Different rules apply where interval funds are structured as registered closed-end funds, in terms of FINRA offerings (a potentially more streamlined review process), leverage ratios (generally lower than for non-traded BDCs) and incentive fees (on income but not capital gains). Interval funds structured as registered closed-end funds also avoid US state “blue sky” registration requirements, which would generally apply to interval funds structured as BDCs that remain non-listed.

Private BDCs

Private BDCs are another fund structure that has gained in popularity recently as an alternative to a traditional private credit fund structure. “While subject to the public reporting, transparency, compliance and investor protection obligations of a regulated fund (including the 1940 Act, the Exchange Act and Sarbanes-Oxley), they have a private equity-style liquidity profile, drawing down committed capital from investors as and when they can deploy it into investments. This helps mitigate cash drag,” says Mahon.

Their investment time horizon is more flexible than for many limited life closed-end funds. Rather than a pre-determined fund life, liquidity can be obtained through an IPO, exchange listing or merger with an existing public vehicle which can be an affiliated one with appropriate structuring, with timing decided opportunistically.
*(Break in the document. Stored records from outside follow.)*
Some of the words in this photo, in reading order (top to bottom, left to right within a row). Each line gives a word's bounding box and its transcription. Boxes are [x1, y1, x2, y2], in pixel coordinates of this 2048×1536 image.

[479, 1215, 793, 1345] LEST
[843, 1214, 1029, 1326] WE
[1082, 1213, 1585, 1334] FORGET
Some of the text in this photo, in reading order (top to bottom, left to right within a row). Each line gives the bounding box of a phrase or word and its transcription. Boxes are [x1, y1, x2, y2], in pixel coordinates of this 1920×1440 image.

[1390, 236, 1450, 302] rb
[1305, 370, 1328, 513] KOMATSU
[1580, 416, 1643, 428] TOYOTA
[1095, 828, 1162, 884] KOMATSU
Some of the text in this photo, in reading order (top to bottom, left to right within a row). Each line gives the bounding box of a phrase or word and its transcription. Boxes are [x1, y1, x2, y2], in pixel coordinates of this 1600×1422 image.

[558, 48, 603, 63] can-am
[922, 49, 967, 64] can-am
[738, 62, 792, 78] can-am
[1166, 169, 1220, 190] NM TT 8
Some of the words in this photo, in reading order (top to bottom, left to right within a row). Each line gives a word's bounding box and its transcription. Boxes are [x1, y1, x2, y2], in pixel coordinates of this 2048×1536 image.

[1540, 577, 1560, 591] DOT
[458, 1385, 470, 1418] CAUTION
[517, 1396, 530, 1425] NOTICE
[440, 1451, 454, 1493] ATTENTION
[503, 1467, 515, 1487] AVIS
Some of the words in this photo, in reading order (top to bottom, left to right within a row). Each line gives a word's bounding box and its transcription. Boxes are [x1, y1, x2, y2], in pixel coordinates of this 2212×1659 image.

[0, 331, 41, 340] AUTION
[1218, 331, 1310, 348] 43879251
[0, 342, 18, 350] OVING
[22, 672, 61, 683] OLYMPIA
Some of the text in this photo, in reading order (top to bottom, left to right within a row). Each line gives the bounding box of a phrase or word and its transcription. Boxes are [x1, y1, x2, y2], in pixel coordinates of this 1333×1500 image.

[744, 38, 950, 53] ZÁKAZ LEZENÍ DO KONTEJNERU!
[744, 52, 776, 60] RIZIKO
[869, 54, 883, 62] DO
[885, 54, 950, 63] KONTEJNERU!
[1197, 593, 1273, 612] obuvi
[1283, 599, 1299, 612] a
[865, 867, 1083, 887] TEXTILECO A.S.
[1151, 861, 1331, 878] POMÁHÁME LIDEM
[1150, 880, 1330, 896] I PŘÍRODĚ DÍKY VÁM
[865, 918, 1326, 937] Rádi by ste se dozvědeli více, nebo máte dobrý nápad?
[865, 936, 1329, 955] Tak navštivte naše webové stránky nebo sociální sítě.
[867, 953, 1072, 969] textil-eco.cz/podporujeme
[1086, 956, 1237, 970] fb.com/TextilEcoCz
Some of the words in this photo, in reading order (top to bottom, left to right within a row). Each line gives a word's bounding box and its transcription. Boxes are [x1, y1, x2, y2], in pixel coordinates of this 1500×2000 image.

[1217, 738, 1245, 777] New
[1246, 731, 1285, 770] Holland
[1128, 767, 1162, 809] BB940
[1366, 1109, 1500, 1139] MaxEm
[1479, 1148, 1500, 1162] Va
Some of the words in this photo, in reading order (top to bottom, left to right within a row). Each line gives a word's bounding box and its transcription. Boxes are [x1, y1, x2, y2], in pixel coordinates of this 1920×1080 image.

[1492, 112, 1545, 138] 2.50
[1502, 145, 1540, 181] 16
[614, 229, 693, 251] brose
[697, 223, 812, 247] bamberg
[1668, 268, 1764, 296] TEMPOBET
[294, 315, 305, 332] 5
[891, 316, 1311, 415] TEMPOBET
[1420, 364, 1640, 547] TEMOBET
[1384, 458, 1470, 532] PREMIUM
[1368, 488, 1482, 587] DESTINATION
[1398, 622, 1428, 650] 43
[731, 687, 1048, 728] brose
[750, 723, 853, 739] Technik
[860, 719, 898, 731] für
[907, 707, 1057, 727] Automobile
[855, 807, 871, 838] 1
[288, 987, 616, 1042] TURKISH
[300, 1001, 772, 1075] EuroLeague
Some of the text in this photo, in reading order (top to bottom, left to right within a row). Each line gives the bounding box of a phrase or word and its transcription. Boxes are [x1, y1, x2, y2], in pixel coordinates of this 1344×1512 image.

Private BDCs are marketed by private placement to accredited investors, most of which tend to be institutional investors that have historically invested in a sponsor’s other private credit vehicles. Notably, offshore investors can invest in the same structure as onshore ones, removing the need for master/feeder structures, and dual prospectuses and subscription agreements. “Investors also gain certainty with respect to the level of reporting and compliance they can expect for the new fund, given the SEC oversight and the Exchange Act and 1940 Act requirements to which it will be subject,” notes Mahon.